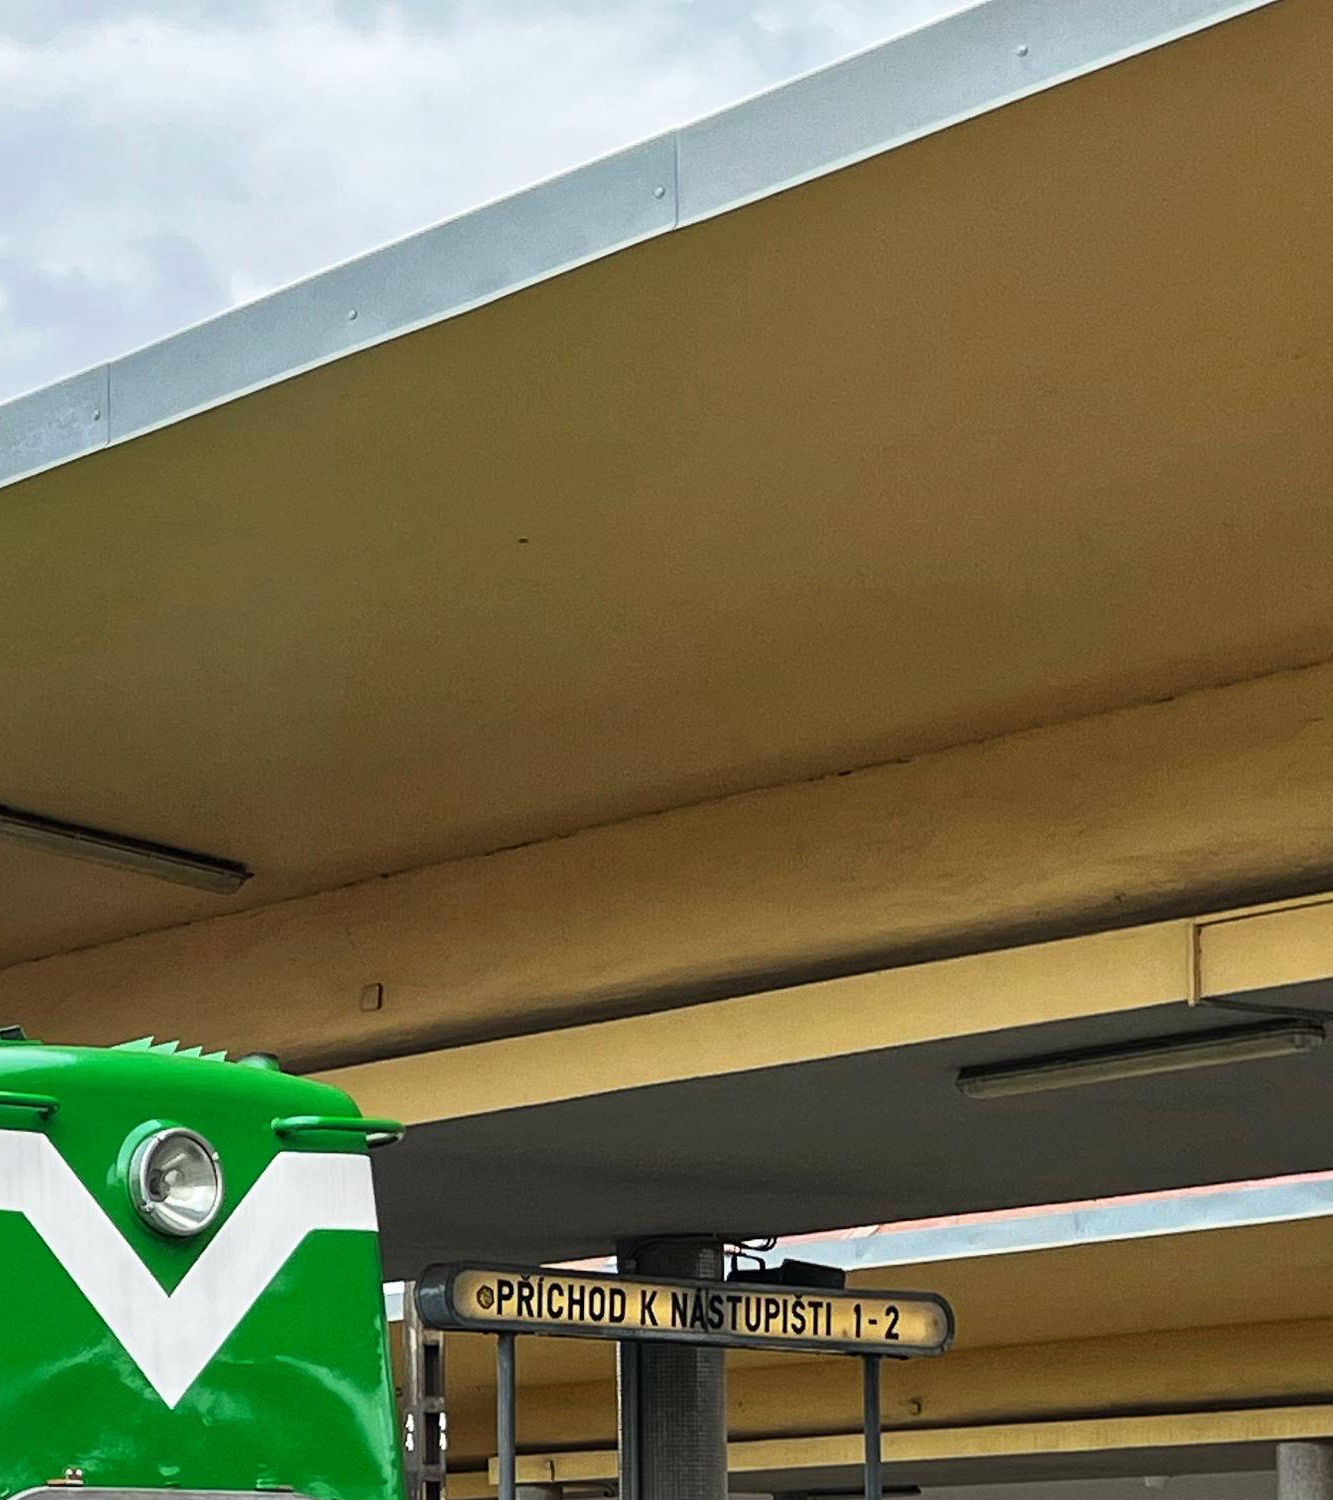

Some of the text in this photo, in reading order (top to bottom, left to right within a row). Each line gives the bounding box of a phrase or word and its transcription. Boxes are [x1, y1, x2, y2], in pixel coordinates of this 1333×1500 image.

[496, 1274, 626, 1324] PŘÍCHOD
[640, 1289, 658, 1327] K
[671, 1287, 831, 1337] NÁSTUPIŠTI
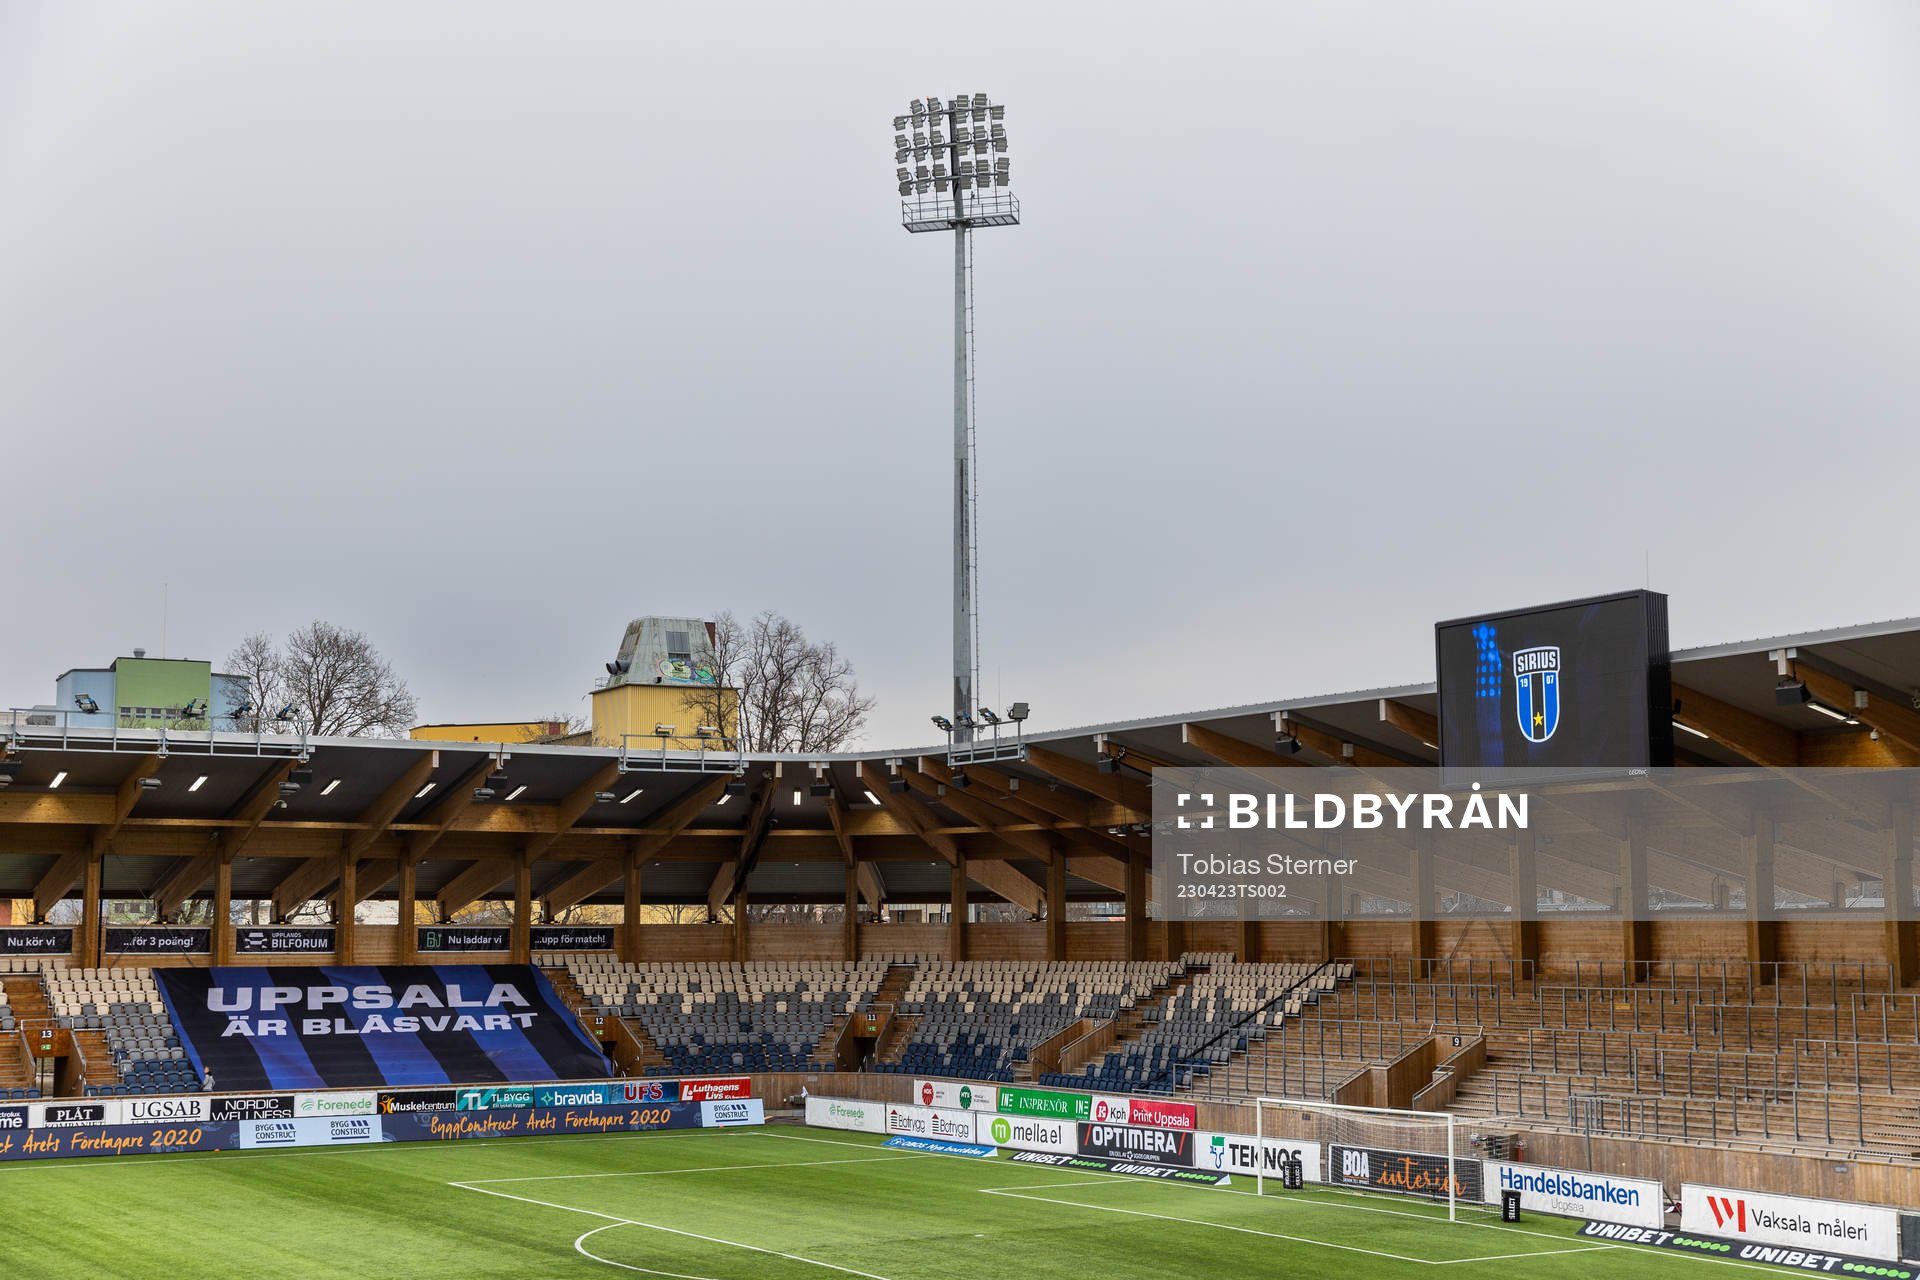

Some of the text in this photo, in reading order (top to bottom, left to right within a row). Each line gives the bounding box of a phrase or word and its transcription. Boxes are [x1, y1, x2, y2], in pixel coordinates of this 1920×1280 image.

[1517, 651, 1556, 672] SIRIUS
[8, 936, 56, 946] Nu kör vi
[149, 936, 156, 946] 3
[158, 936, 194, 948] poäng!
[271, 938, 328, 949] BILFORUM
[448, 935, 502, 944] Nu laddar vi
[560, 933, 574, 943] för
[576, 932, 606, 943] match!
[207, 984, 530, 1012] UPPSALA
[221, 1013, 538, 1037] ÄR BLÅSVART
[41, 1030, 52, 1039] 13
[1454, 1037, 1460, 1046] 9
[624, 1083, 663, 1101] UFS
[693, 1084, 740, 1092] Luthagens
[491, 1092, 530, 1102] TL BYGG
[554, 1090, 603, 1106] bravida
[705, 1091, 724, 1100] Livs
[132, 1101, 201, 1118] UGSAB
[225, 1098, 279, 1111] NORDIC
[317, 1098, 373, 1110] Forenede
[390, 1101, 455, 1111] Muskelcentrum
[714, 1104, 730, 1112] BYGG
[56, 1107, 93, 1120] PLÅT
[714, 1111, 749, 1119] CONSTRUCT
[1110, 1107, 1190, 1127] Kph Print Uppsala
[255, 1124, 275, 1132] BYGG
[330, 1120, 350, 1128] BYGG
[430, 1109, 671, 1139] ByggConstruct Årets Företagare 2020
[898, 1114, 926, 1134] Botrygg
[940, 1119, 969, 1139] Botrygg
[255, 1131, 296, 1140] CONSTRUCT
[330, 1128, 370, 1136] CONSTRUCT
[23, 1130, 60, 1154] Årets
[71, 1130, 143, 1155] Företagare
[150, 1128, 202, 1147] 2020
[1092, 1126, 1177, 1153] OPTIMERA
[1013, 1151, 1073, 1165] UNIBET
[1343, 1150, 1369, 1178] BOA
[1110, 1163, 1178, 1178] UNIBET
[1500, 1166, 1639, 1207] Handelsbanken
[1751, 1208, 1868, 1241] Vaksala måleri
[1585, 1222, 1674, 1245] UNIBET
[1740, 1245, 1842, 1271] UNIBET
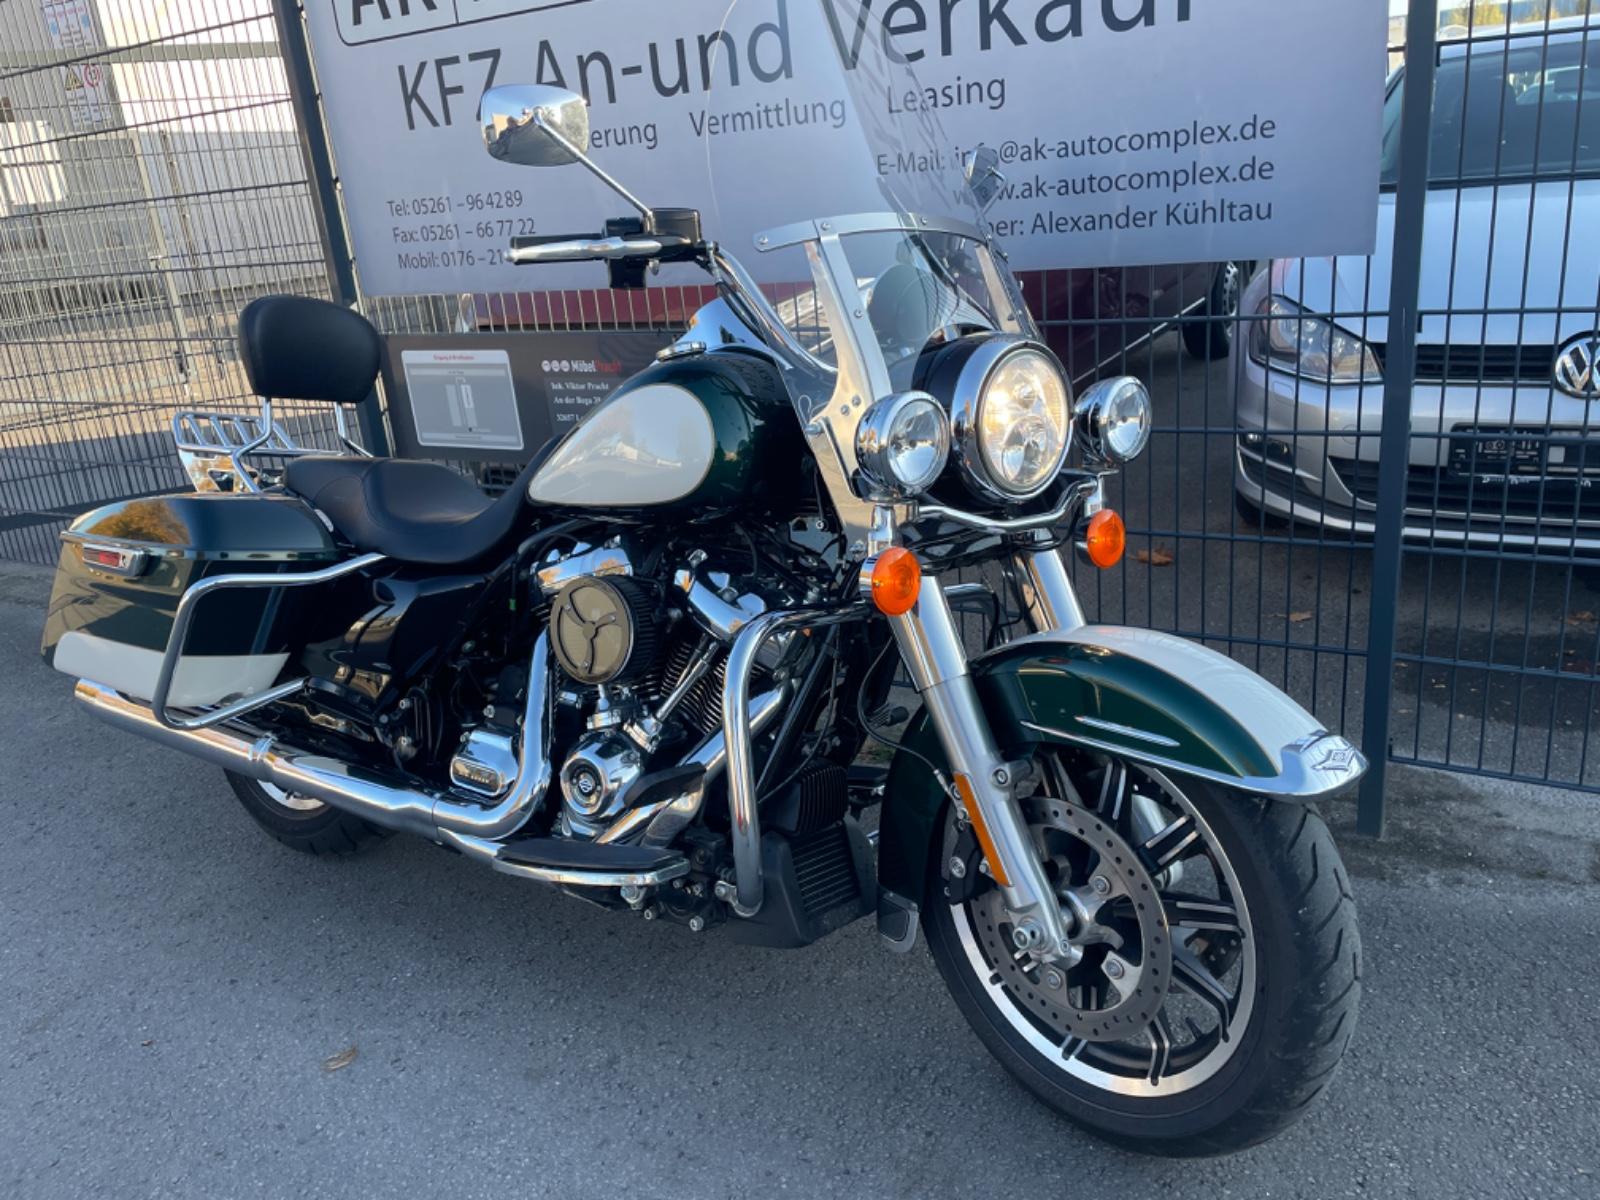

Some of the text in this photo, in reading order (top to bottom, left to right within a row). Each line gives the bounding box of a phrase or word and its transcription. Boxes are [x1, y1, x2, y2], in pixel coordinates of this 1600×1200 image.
* * * * * * * * *
WHAT IS REQUIRED – Return the whole listing, word for word, and leave out every picture.

SOLUTION TO THE PROBLEM –
Some of the text in this photo, in reading order (top to bottom, left to right within a row). Each line gives the bounding box of a phrase or word and its transcription. Boxes are [x1, y1, x2, y2], in pixel coordinates of this 1333×1500 image.

[496, 1274, 626, 1324] PŘÍCHOD
[640, 1289, 658, 1327] K
[671, 1287, 831, 1337] NÁSTUPIŠTI

Some of the text in this photo, in reading order (top to bottom, left to right within a row). Each line gives the bounding box of a phrase or word and its transcription. Boxes are [x1, y1, x2, y2], in pixel coordinates of this 1920×1280 image.

[1517, 651, 1556, 672] SIRIUS
[8, 936, 56, 946] Nu kör vi
[149, 936, 156, 946] 3
[158, 936, 194, 948] poäng!
[271, 938, 328, 949] BILFORUM
[448, 935, 502, 944] Nu laddar vi
[560, 933, 574, 943] för
[576, 932, 606, 943] match!
[207, 984, 530, 1012] UPPSALA
[221, 1013, 538, 1037] ÄR BLÅSVART
[41, 1030, 52, 1039] 13
[1454, 1037, 1460, 1046] 9
[624, 1083, 663, 1101] UFS
[693, 1084, 740, 1092] Luthagens
[491, 1092, 530, 1102] TL BYGG
[554, 1090, 603, 1106] bravida
[705, 1091, 724, 1100] Livs
[132, 1101, 201, 1118] UGSAB
[225, 1098, 279, 1111] NORDIC
[317, 1098, 373, 1110] Forenede
[390, 1101, 455, 1111] Muskelcentrum
[714, 1104, 730, 1112] BYGG
[56, 1107, 93, 1120] PLÅT
[714, 1111, 749, 1119] CONSTRUCT
[1110, 1107, 1190, 1127] Kph Print Uppsala
[255, 1124, 275, 1132] BYGG
[330, 1120, 350, 1128] BYGG
[430, 1109, 671, 1139] ByggConstruct Årets Företagare 2020
[898, 1114, 926, 1134] Botrygg
[940, 1119, 969, 1139] Botrygg
[255, 1131, 296, 1140] CONSTRUCT
[330, 1128, 370, 1136] CONSTRUCT
[23, 1130, 60, 1154] Årets
[71, 1130, 143, 1155] Företagare
[150, 1128, 202, 1147] 2020
[1092, 1126, 1177, 1153] OPTIMERA
[1013, 1151, 1073, 1165] UNIBET
[1343, 1150, 1369, 1178] BOA
[1110, 1163, 1178, 1178] UNIBET
[1500, 1166, 1639, 1207] Handelsbanken
[1751, 1208, 1868, 1241] Vaksala måleri
[1585, 1222, 1674, 1245] UNIBET
[1740, 1245, 1842, 1271] UNIBET

Some of the text in this photo, in reading order (top to bottom, left to right within a row). Each line gives the bounding box of a phrase or word and its transcription. Boxes are [x1, y1, x2, y2], in pixel coordinates of this 1600×1200 image.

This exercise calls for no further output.